For poor families, this tax structure differs in two important respects from the tax structures of other states. First, the exemptions and deductions available to low-income families are lower than those available to similar families in most other states. For a single-parent family of three with poverty-level income of $13,000, Alabama exemptions and deductions total $5,600. By contrast, exemptions and deductions for similar families in other states average $10,500, nearly twice the level in Alabama. In only nine other states are they as low or lower than in Alabama. Higher exemptions and deductions tend to mean lower tax liability for poor families, because exemptions and deductions can reduce substantially, or even eliminate, the amount of a poor family's income that is subject to taxation.

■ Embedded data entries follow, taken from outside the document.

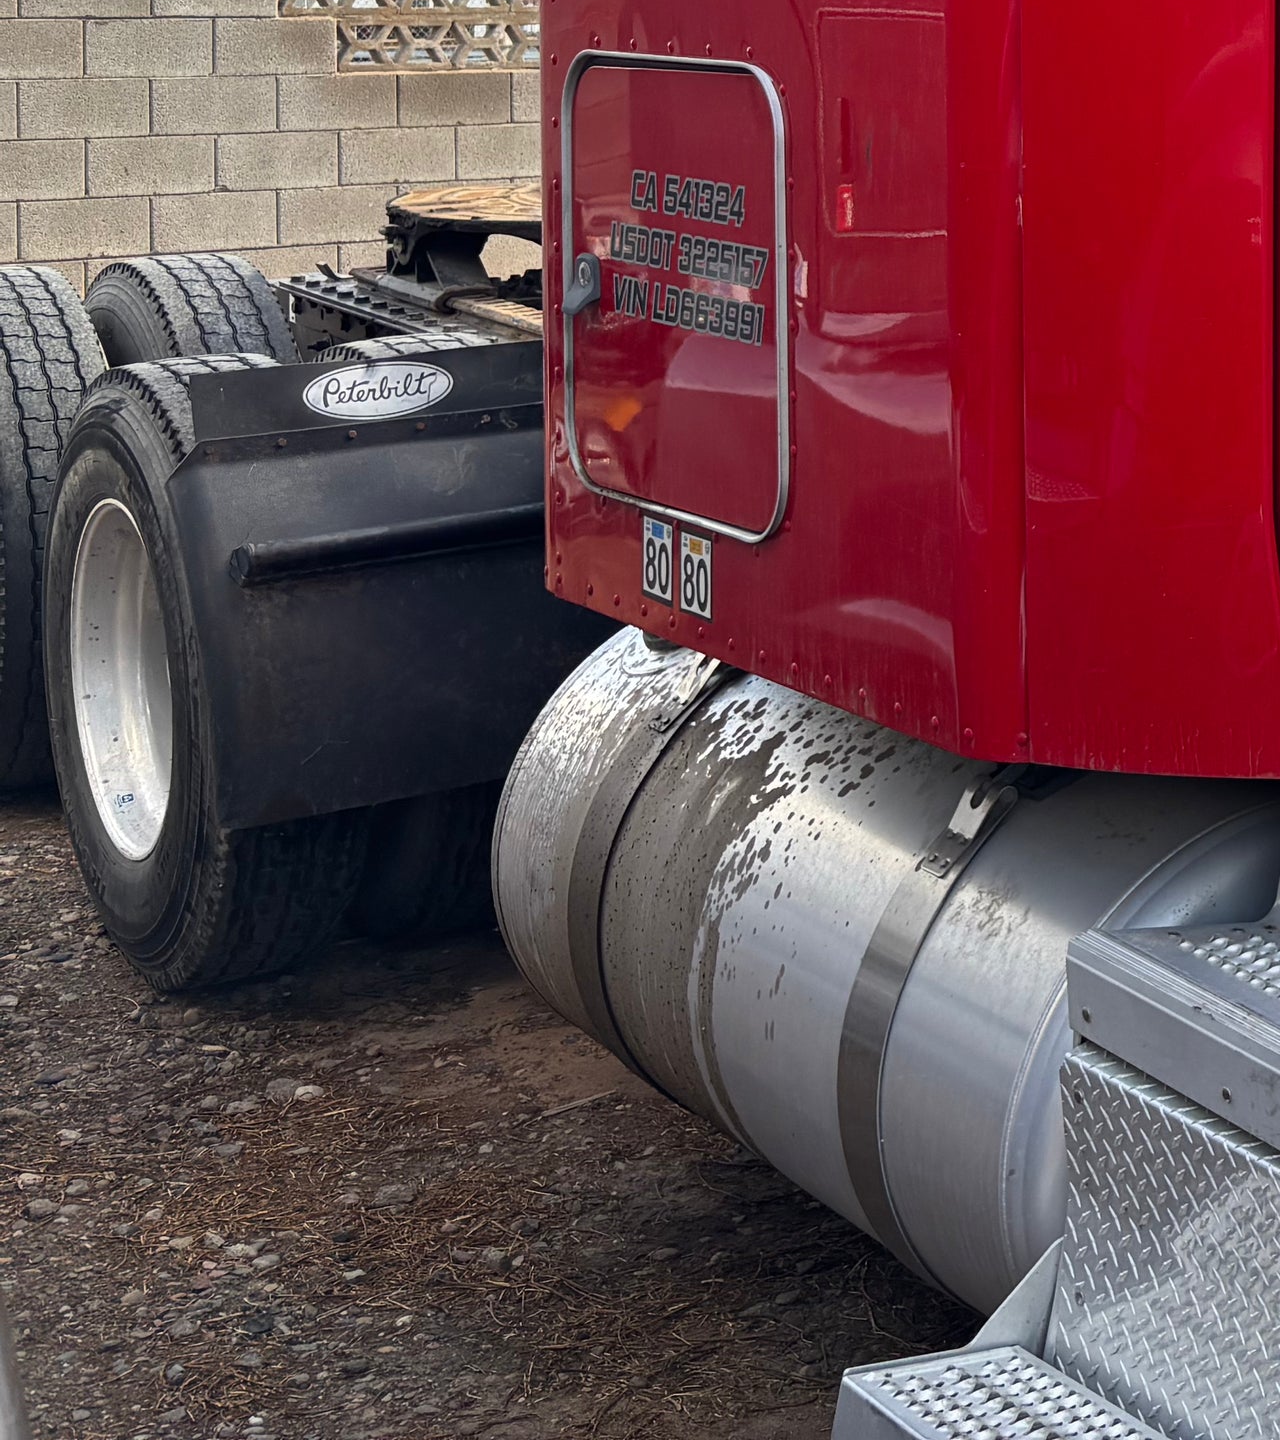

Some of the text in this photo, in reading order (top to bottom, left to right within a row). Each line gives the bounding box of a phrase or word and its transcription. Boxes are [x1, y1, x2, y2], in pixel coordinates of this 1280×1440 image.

[630, 169, 746, 227] CA 541324
[610, 220, 769, 289] USDOT 3225157
[613, 273, 765, 347] VIN LD663991
[322, 372, 437, 408] Peterbilt
[645, 537, 670, 595] 80
[683, 553, 709, 613] 80

Second, Alabama is somewhat unusual in that it offers no tax relief provisions, such as tax credits, that are specifically targeted to low-income families. Altogether, 24 of the 41 states with income taxes reduce the taxes paid by low- or moderate-income families with tax relief provisions targeted on the poor. Such forms of tax relief are particularly prevalent in states with low deductions and personal exemptions. Seven of the nine states in which deductions and exemptions are as low as those in Alabama use mechanisms such as low-income tax credits, "no-tax floors," or other provisions to reduce or eliminate the tax on low-income working families. In some states, these tax credits can be quite large, worth several hundred or even a thousand dollars. By contrast, Alabama offers no tax relief to poor families.
Different states have chosen different paths to relieving taxes on the poor, and these paths provide models that Alabama could follow. In evaluating the appropriateness of any approach to reducing the income tax burden on the poor in Alabama, the following five questions may be helpful to consider.

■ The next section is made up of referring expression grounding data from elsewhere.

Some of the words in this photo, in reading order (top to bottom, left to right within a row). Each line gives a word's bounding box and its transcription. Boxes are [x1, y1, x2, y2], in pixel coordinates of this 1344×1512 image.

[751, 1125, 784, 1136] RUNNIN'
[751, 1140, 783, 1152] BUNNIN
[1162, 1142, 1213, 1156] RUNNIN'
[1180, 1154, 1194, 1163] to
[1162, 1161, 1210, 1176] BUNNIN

- Benefits. How much would typical working-poor families actually benefit from each change? That is, what would be the actual impact on families' tax bills?

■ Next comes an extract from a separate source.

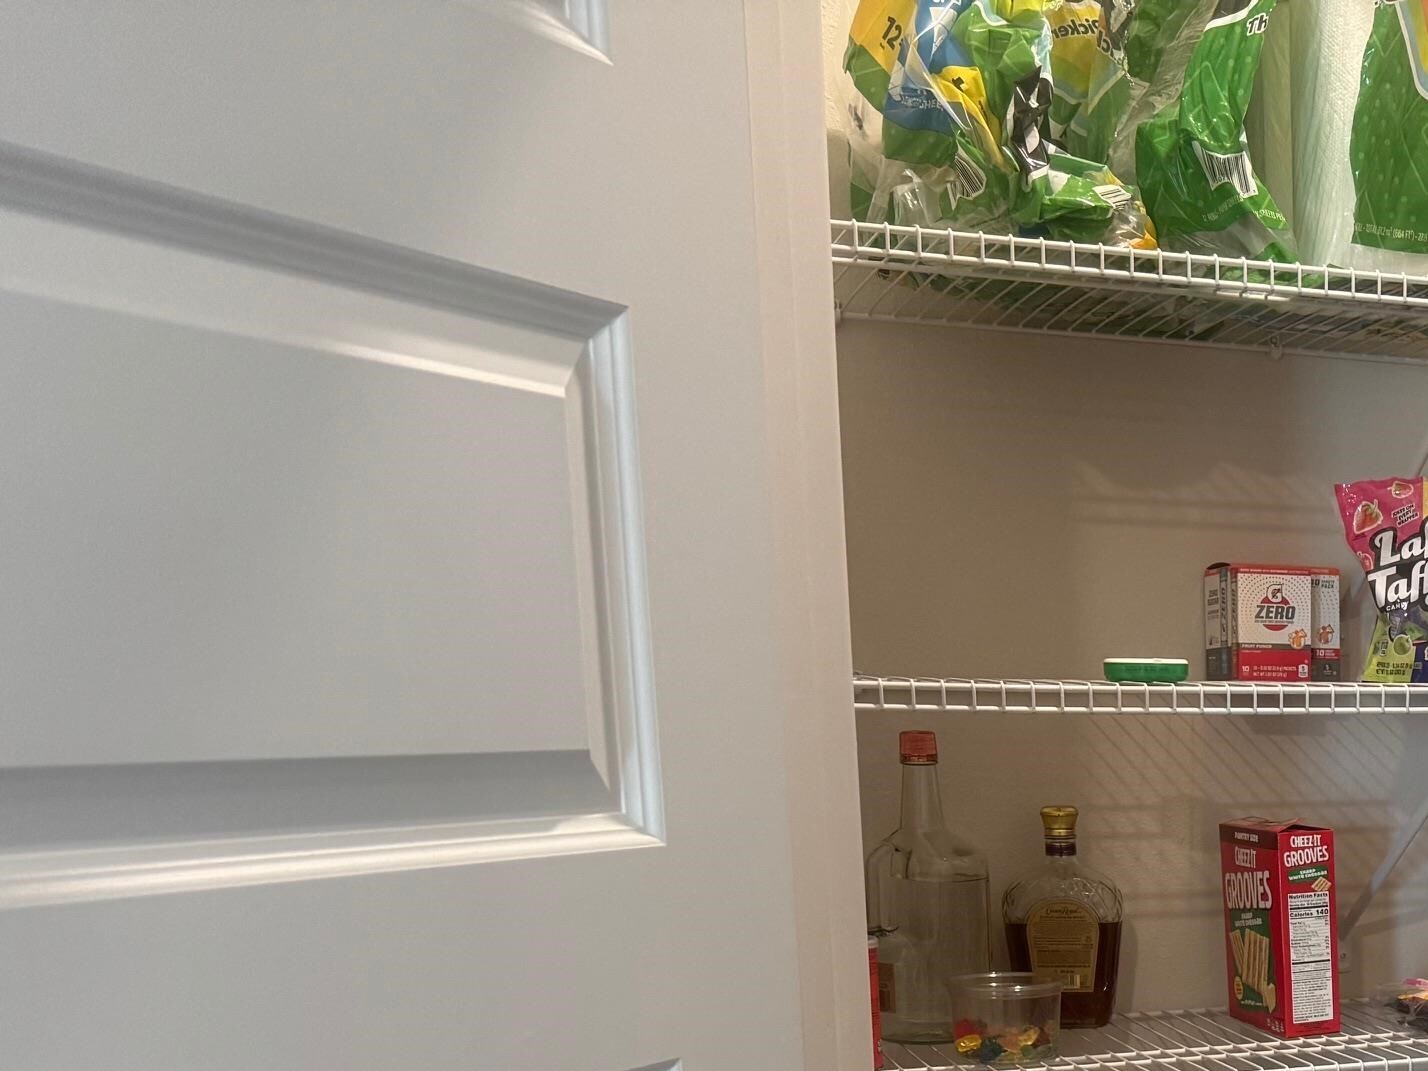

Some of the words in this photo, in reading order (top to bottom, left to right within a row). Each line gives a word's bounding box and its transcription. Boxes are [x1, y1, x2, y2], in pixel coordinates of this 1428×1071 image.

[881, 16, 903, 50] 12
[1254, 604, 1296, 620] ZERO
[1283, 845, 1329, 867] GROOVES
[1225, 870, 1272, 909] GROOVES

- Cost. How much would it cost in lost revenue to the state?
- Targeting. Would most of the total benefits go to low-income families, or would a substantial portion go to middle- and upper-income families who currently benefit from other tax-reducing features of Alabama's tax structure, such as the deductions available for federal income taxes, FICA taxes, and mortgage interest?
- Work incentive. Would the change relieve the taxes on poor families as they enter the workforce? Would it help, rather than hinder, efforts to support a family on low-wage earnings?
- Impact on overall tax fairness. Would the change help to offset the effect of other, more regressive taxes, such as the sales tax on food?
The remainder of this paper reviews two specific proposals for reducing the income tax on low-income families in light of these five questions.
Reducing Taxes on Working-Poor Families Through an Increased Dependent Deduction
It has been suggested that the dependent deduction be increased from its current level of $300 to $1,500. Such an increase would provide an across-the-board income tax cut to all Alabama families with children, including both poor and non-poor families. The change would have the following impacts.
- Benefits. The maximum value of an increase in the dependent deduction from $300 to $1,500 would be $60 for each dependent claimed on the tax form. This amount reflects the increase in the deduction ($1,200) multiplied by the state's top income tax rate of 5 percent.
As shown in Table 1, lower-income families who pay Alabama income tax at rates below the maximum rate would get less than the maximum benefit from an increased deduction. And Alabama would remain one of fewer than six states that levy income tax on families with income as low as half the poverty line.(6)
- Cost. The Legislative Fiscal Office estimates that increasing the dependent deduction from $300 to $1,500 per dependent would cost about $76 million per year when fully in effect.
Table 1.
Tax Under Current Law and Under Increase in Dependent Deduction
Married Couple With Two ChildrenFamily income Tax under current law (dependent deduction is $300) Tax with dependent deduction increased to $1,500 Amount of tax cut 50 percent of poverty line ($8,328) $102 $13 $89 Full-time, minimum-wage earnings ($10,712) $178 $83 $95 100 percent of poverty line ($16,655) $408 $288 $120 125 percent of poverty line ($20,819) $581 $461 $120 Note: Poverty line is the federal poverty threshold for 1998.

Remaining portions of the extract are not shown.